Problem details
Nothing but an exact repeat of the data, with pictures removed, belongs in the answer.
--- --- ---
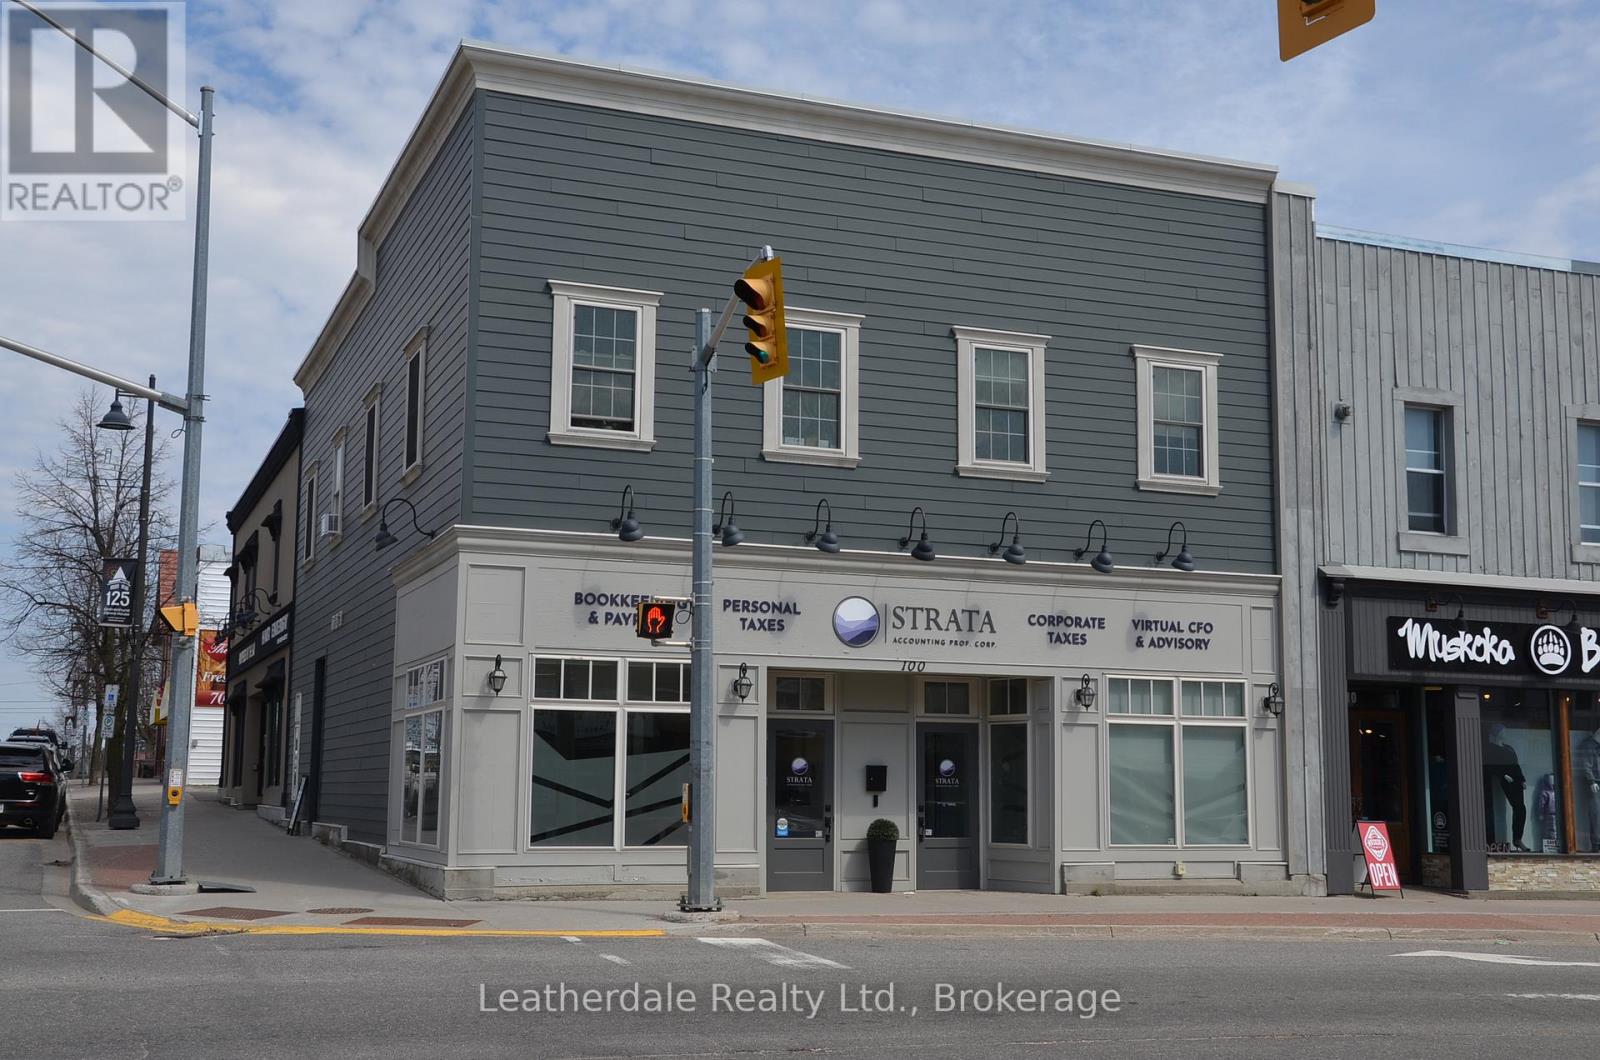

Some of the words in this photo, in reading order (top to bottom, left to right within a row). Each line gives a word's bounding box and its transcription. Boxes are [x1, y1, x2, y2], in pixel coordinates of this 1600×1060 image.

[106, 591, 130, 606] 125
[574, 592, 688, 609] BOOKKEEG
[722, 598, 802, 616] PERSONAL
[588, 610, 599, 625] &
[739, 617, 785, 632] TAXES
[892, 605, 997, 634] STRATA
[1027, 613, 1106, 631] CORPORATE
[1131, 618, 1185, 634] VIRTUAL
[1188, 621, 1214, 635] CFO
[892, 637, 946, 647] ACCOUNTING
[949, 639, 972, 648] PROF.
[974, 640, 998, 649] CORP.
[1047, 631, 1088, 646] TAXES
[1135, 635, 1145, 649] &
[1148, 636, 1211, 651] ADVISORY
[901, 660, 926, 673] 100
[786, 776, 813, 784] STRATA
[935, 777, 960, 785] STRATA
[1369, 862, 1400, 887] OPEN
--- --- ---
Reply
Some of the words in this photo, in reading order (top to bottom, left to right within a row). Each line gives a word's bounding box and its transcription. Boxes are [x1, y1, x2, y2], in pixel coordinates of this 1600×1060 image.

[106, 591, 130, 606] 125
[574, 592, 688, 609] BOOKKEEG
[722, 598, 802, 616] PERSONAL
[588, 610, 599, 625] &
[739, 617, 785, 632] TAXES
[892, 605, 997, 634] STRATA
[1027, 613, 1106, 631] CORPORATE
[1131, 618, 1185, 634] VIRTUAL
[1188, 621, 1214, 635] CFO
[892, 637, 946, 647] ACCOUNTING
[949, 639, 972, 648] PROF.
[974, 640, 998, 649] CORP.
[1047, 631, 1088, 646] TAXES
[1135, 635, 1145, 649] &
[1148, 636, 1211, 651] ADVISORY
[901, 660, 926, 673] 100
[786, 776, 813, 784] STRATA
[935, 777, 960, 785] STRATA
[1369, 862, 1400, 887] OPEN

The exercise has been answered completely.